Aim of the exercise: Repeat what the lines below say, word for word, and skip every image.

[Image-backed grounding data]
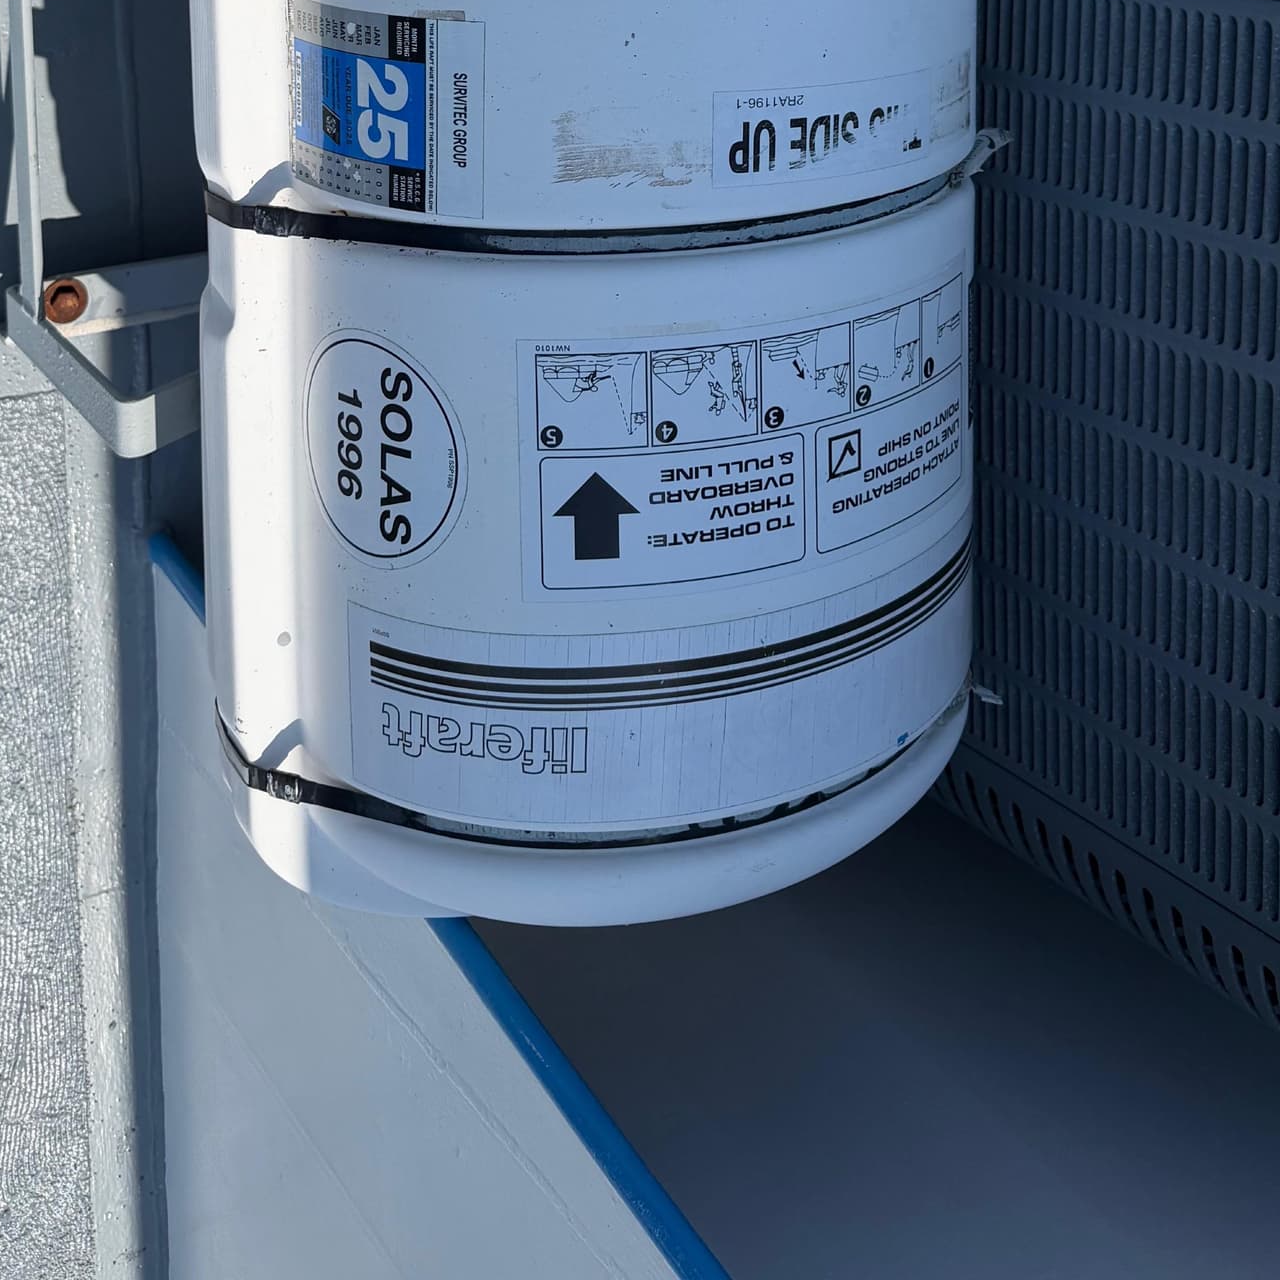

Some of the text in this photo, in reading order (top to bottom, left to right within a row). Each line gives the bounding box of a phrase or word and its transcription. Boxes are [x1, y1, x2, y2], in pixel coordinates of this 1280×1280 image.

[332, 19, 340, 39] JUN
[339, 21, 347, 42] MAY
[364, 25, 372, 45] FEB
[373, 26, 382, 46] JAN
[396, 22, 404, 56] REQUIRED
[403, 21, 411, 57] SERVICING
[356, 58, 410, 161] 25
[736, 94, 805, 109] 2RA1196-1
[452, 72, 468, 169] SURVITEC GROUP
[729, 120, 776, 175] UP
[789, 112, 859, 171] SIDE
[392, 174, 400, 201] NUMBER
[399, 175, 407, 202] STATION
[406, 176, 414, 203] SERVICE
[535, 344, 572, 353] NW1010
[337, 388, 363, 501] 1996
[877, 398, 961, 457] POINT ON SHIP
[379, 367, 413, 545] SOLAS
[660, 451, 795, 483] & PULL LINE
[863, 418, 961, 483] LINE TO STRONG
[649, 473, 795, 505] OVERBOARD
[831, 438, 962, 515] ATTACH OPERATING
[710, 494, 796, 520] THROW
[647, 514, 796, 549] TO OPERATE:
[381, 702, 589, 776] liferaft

Solution:
Some of the text in this photo, in reading order (top to bottom, left to right within a row). Each line gives the bounding box of a phrase or word and its transcription. Boxes are [x1, y1, x2, y2], in pixel coordinates of this 1280×1280 image.

[332, 19, 340, 39] JUN
[339, 21, 347, 42] MAY
[364, 25, 372, 45] FEB
[373, 26, 382, 46] JAN
[396, 22, 404, 56] REQUIRED
[403, 21, 411, 57] SERVICING
[356, 58, 410, 161] 25
[736, 94, 805, 109] 2RA1196-1
[452, 72, 468, 169] SURVITEC GROUP
[729, 120, 776, 175] UP
[789, 112, 859, 171] SIDE
[392, 174, 400, 201] NUMBER
[399, 175, 407, 202] STATION
[406, 176, 414, 203] SERVICE
[535, 344, 572, 353] NW1010
[337, 388, 363, 501] 1996
[877, 398, 961, 457] POINT ON SHIP
[379, 367, 413, 545] SOLAS
[660, 451, 795, 483] & PULL LINE
[863, 418, 961, 483] LINE TO STRONG
[649, 473, 795, 505] OVERBOARD
[831, 438, 962, 515] ATTACH OPERATING
[710, 494, 796, 520] THROW
[647, 514, 796, 549] TO OPERATE:
[381, 702, 589, 776] liferaft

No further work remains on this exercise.